We continue to rate AIA as an important infrastructure asset with long-term growth potential, and the current share price represents an attractive entry point for medium-to long-term investors. While there is still near-term downside risk, we believe AIA offers a better risk adjusted exposure to a tourism turnaround than an airline, such as Air NZ.
NEXT DC (NXT:AX) BUY: Funding Expansion
Shares in data centre operator Next DC initially surged to new all-time highs after announcing a significant $672m capital raise. We recommend existing shareholders to participate in the share placement as we continue to maintain a positive view on Next DC, with applications opening on Tuesday 14th April 2020. Unlike other companies which have recently raised capital to strengthen their balance sheet ahead of economic uncertainty, NXT have been relatively unphased by the covid-19 pandemic – benefiting from increased demand for cloud-based services as workers are urged to work from home. The capital will provide greater balance sheet flexibility allowing them to expand their growth initiatives, as well as the construction of a third data centre in Sydney, as NXT believe demand will continue in the long-term for its premium data centre services. Management provided unchanged full year guidance.
Given the quality of the company, its resilience to economic uncertainty and strong thematic tailwind, we maintain our BUY rating and encourage shareholders to participate in the capital raise.
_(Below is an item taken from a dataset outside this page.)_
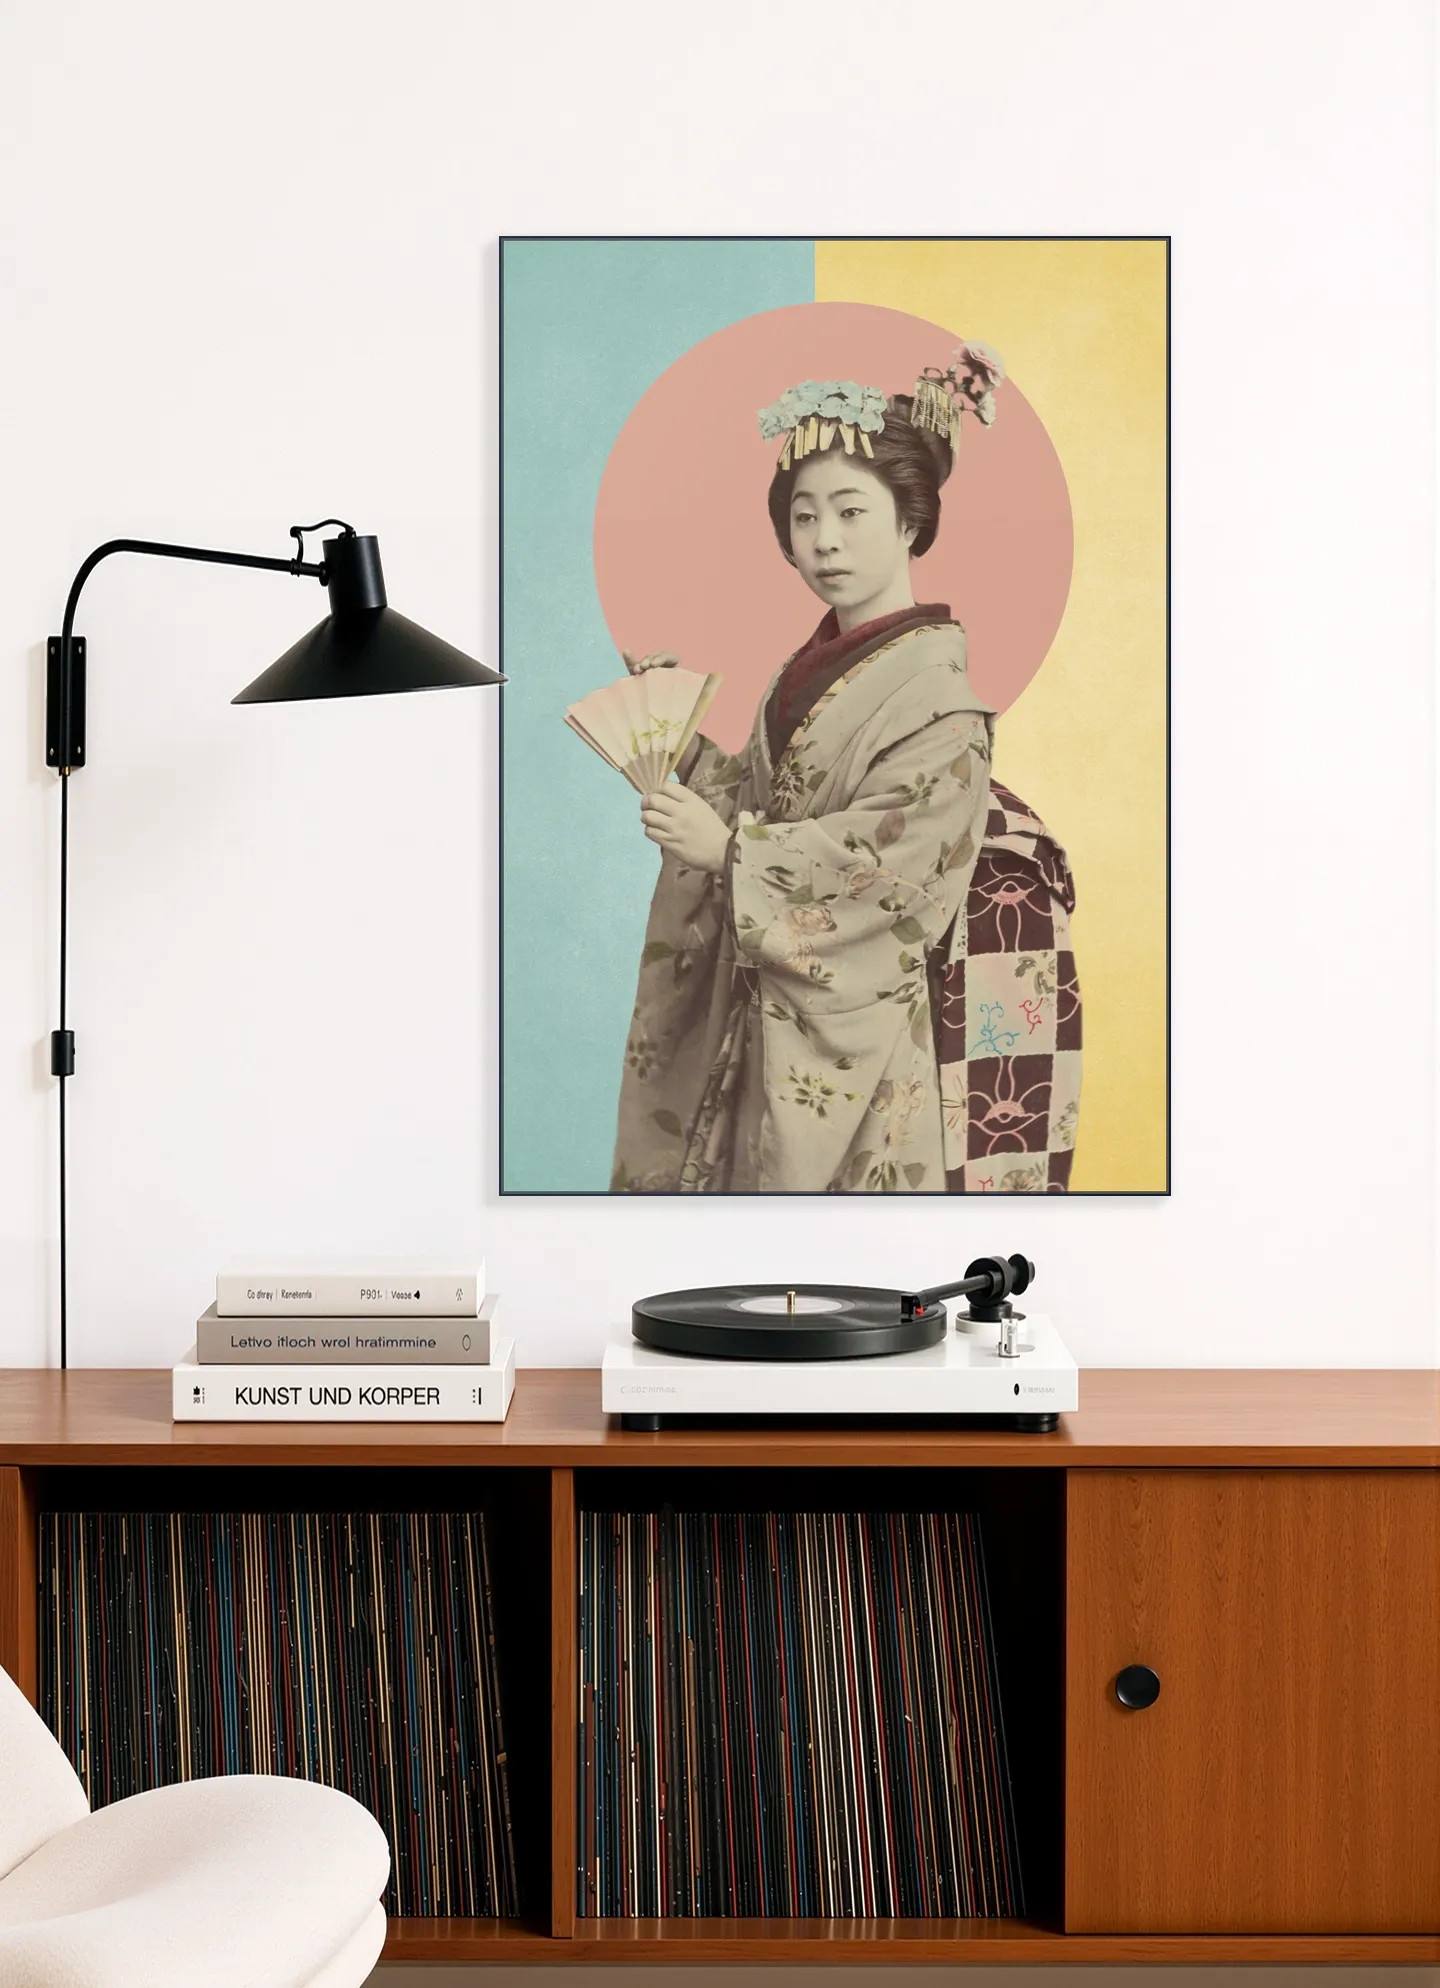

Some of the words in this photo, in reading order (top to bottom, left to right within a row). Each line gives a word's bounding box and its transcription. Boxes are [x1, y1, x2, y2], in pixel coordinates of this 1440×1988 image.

[235, 1387, 302, 1406] KUNST
[309, 1387, 351, 1406] UND
[359, 1387, 440, 1406] KORPER
The funds will be used to accelerate and bring forward planned capacity expansion to meet ever growing demand.
KATHMANDU (KMD:NZ / KMD:AX) HOLD: Another Capital Raise
KMD shares slumped after announcing a $207m capital raise to shore up their balance sheet and provide adequate liquidity over this challenging period, as well as cancelling its dividend until trading conditions improve. New shares are issued at $0.50 each, a significant discount to KMD’s share price prior to the announcement and still below its current share price. We have been HOLD rated on KMD and while the extra cash reduces risks, we would avoid the offer. KMD has been a strong performer under normal conditions, but we are held back due to our negative view towards the retail sector with too much uncertainty.
We believe the current share price reflects a lot of negativity – but market forces are still in play to create more downside risk over the near-term. KMD is severely impacted by the enforced lockdowns due to covid-19 and the economic cost, as it is excepted unemployment will rise significantly which puts the retail sector at risk from a drop in discretionary spending. While KMD now has a better chance to weather the storm, there will be a slow road to recovery in our view (dependent on improvements in consumer sentiment and employment levels).